Two minor points need correction. First, the percentage of Oncologist 2 in Table 2 post-RS needs to be corrected. Second, you indicate the NRG-BR009 trial at the conclusion without any prior description of it. Given its great importance and anticipated results, a comment about it is needed earlier in the text.

Comments on the Quality of English Language

In some parts (mainly in the introduction) of the manuscript, English can be improved, mainly with syntax editing. 

Author Response

Two minor points need correction. First, the percentage of Oncologist 2 in Table 2 post-RS needs to be corrected. Second, you indicate the NRG-BR009 trial at the conclusion without any prior description of it. Given its great importance and anticipated results, a comment about it is needed earlier in the text.

We gratefully thank you your review and your comments. In Table 2 we double checked data of Oncolgist 2 and we didn’t find incorrect data.

We added NRG-BR009 trial details in the Introduction section.

In some parts (mainly in the introduction) of the manuscript, English can be improved, mainly with syntax editing.

Thank you for the comment. We requested proofreading in English and corrected the text accordingly.

 

Reviewer 6 Report

Comments and Suggestions for Authors

In this study entitled ‘How to Tackle Discordance in Adjuvant Chemotherapy Recommendations by Using Oncotype DX Results, in Early 3 Stage Breast Cancer’, the use of the OncoType DX Recurrence Score Assay test was evaluated in the context of adjuvant chemotherapy decisions. Data from 201 patients were used, involving six oncologists together with the treating oncologist. This work is worth adding to the literature with minor corrections.

 

Introduction:

The TAILORx and RxPONDER trials can be explained in one sentence to give readers an overview.

 

A brief information about the genes in the assay should be given.

 

Discussion:

The data obtained are valuable. The discussion needs to be revised to make it more appealing.

In my opinion, the data should be better correlated with clinical characteristics, here are some: HR-positive patients were selected. Hormone positivity could be separated as ER-positive and PR-positive in the discussion. TIL and vascular invasion should be correlated with the results. Lymph node status should also be considered.

Author Response

Introduction:

The TAILORx and RxPONDER trials can be explained in one sentence to give readers an overview.
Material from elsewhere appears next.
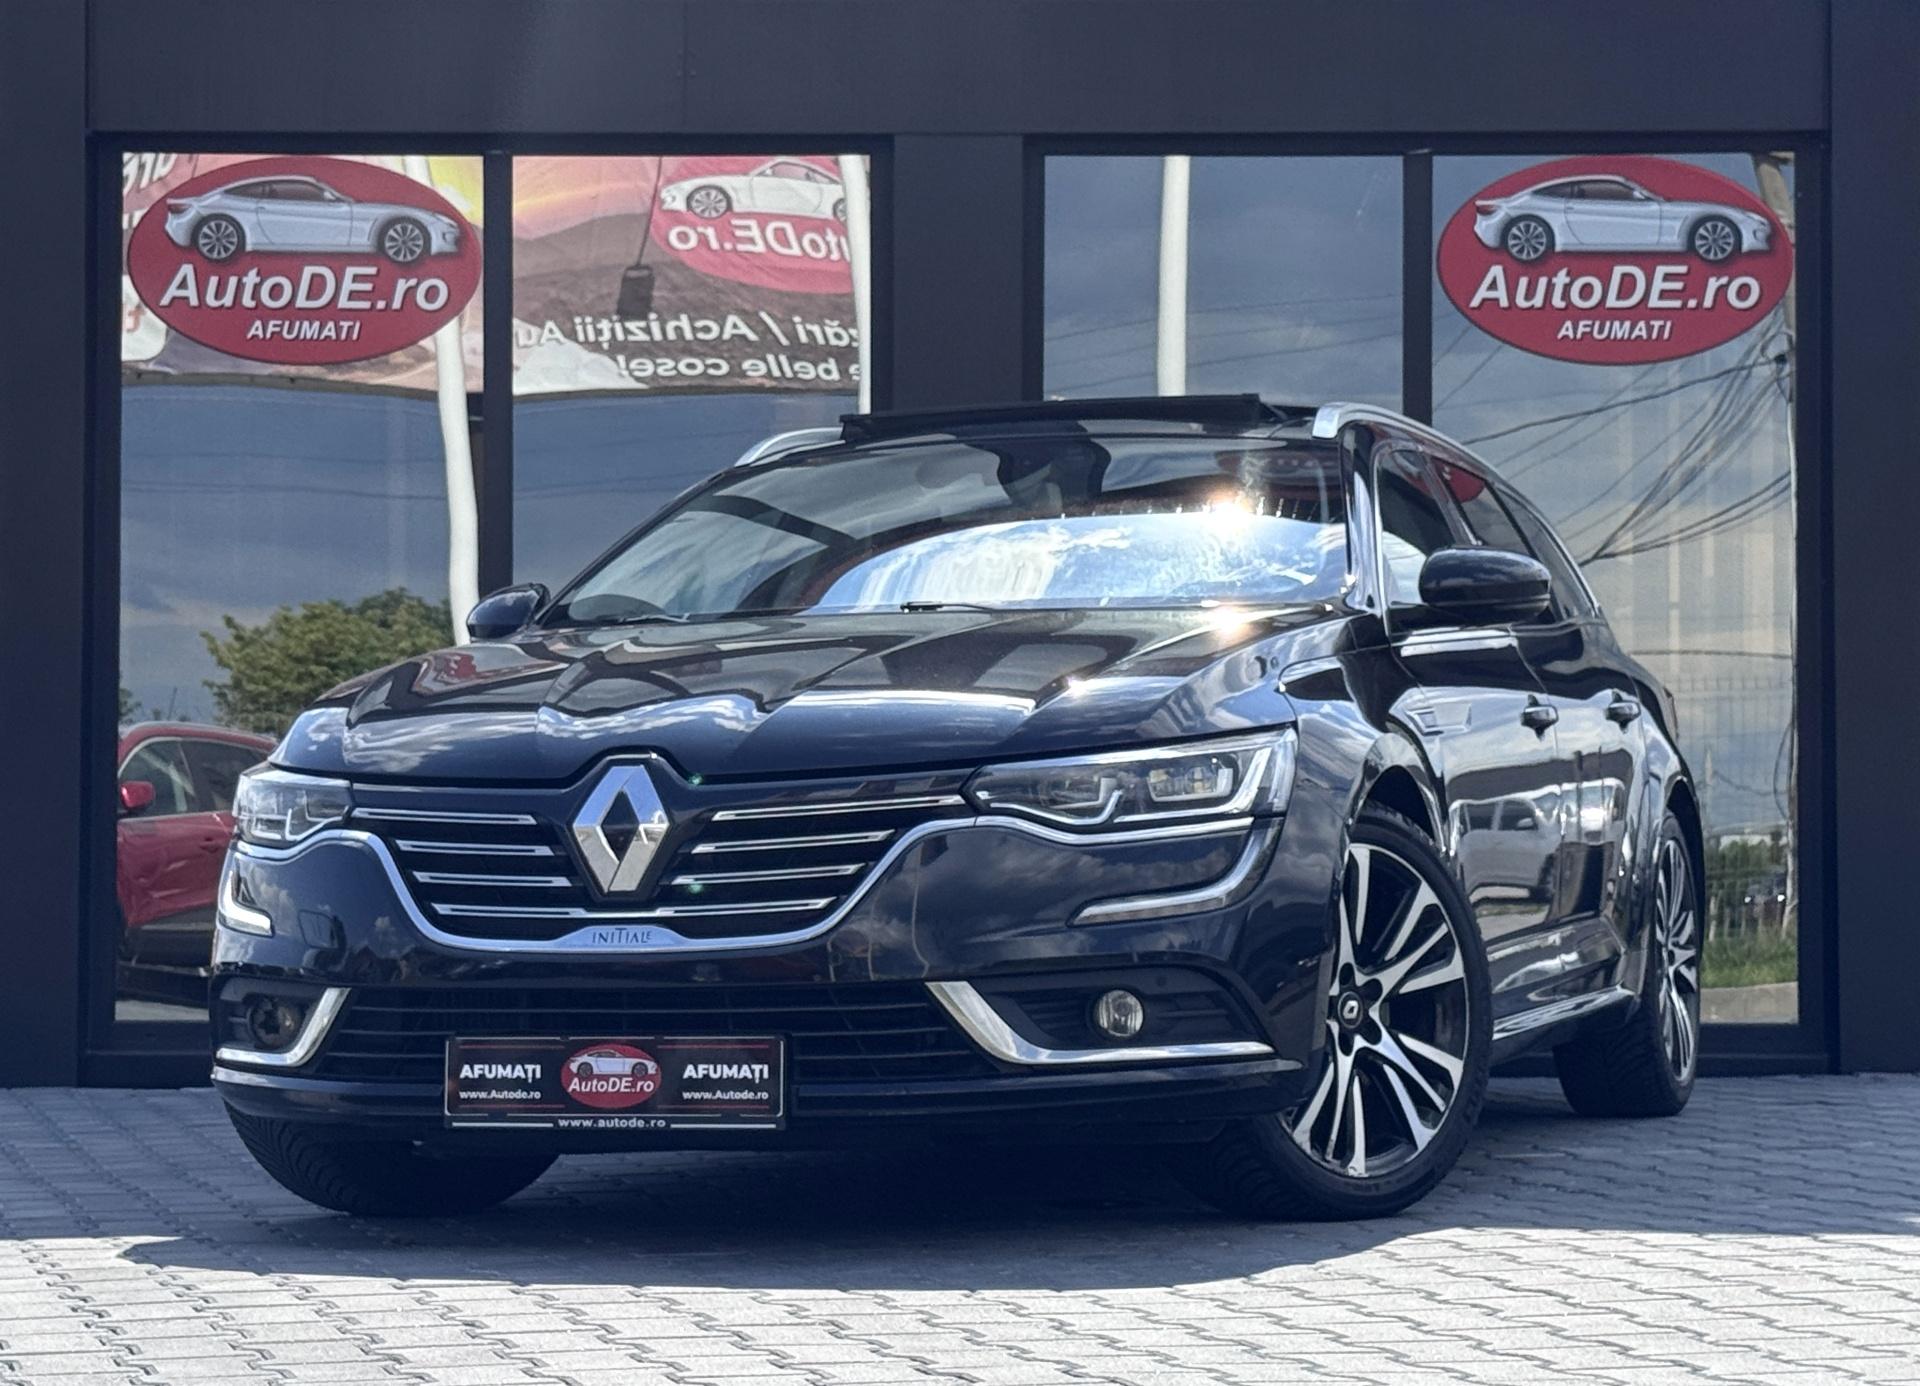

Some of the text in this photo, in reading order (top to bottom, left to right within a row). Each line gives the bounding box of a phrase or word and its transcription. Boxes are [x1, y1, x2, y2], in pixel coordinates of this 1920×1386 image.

A brief information about the genes in the assay should be given.

We gratefully thank you for the review and your comments. We added basic information about TAILORx and RxPONDER trials, and also about genes of the Oncotype test in the Introduction section.

Discussion:

The data obtained are valuable. The discussion needs to be revised to make it more appealing.

In my opinion, the data should be better correlated with clinical characteristics, here are some: HR-positive patients were selected. Hormone positivity could be separated as ER-positive and PR-positive in the discussion. TIL and vascular invasion should be correlated with the results.  Lymph node status should also be considered.

Thank you for your valuable remarks. We focus on the associations of basic characteristics and oncologist recommendations, since the investigation of correlation between basic characteristics and RS results were not among the purposes of the study and it is well studied that the correlation is week. As all tumors were ER+ and only 17 were PR negative, we used the 30% threshold for hormone receptor levels for the analyses. These results were amended in the Discussion section: “Before RS, we found different levels of correlation between basic characteristics and expert recommendations. Age, grade, lymph node status, and Ki67 had the largest impact on expert opinion, but similar correlations were not observed after RS, even in the intermediate-risk group.”

Round 2

Reviewer 4 Report

Comments and Suggestions for Authors

Thank you for answering all my questions. With more details included in the introduction, more explanations about the experimental design, it makes the purpose of this study more clear. The statement becomes clearer and more rational. I don't have any further questions.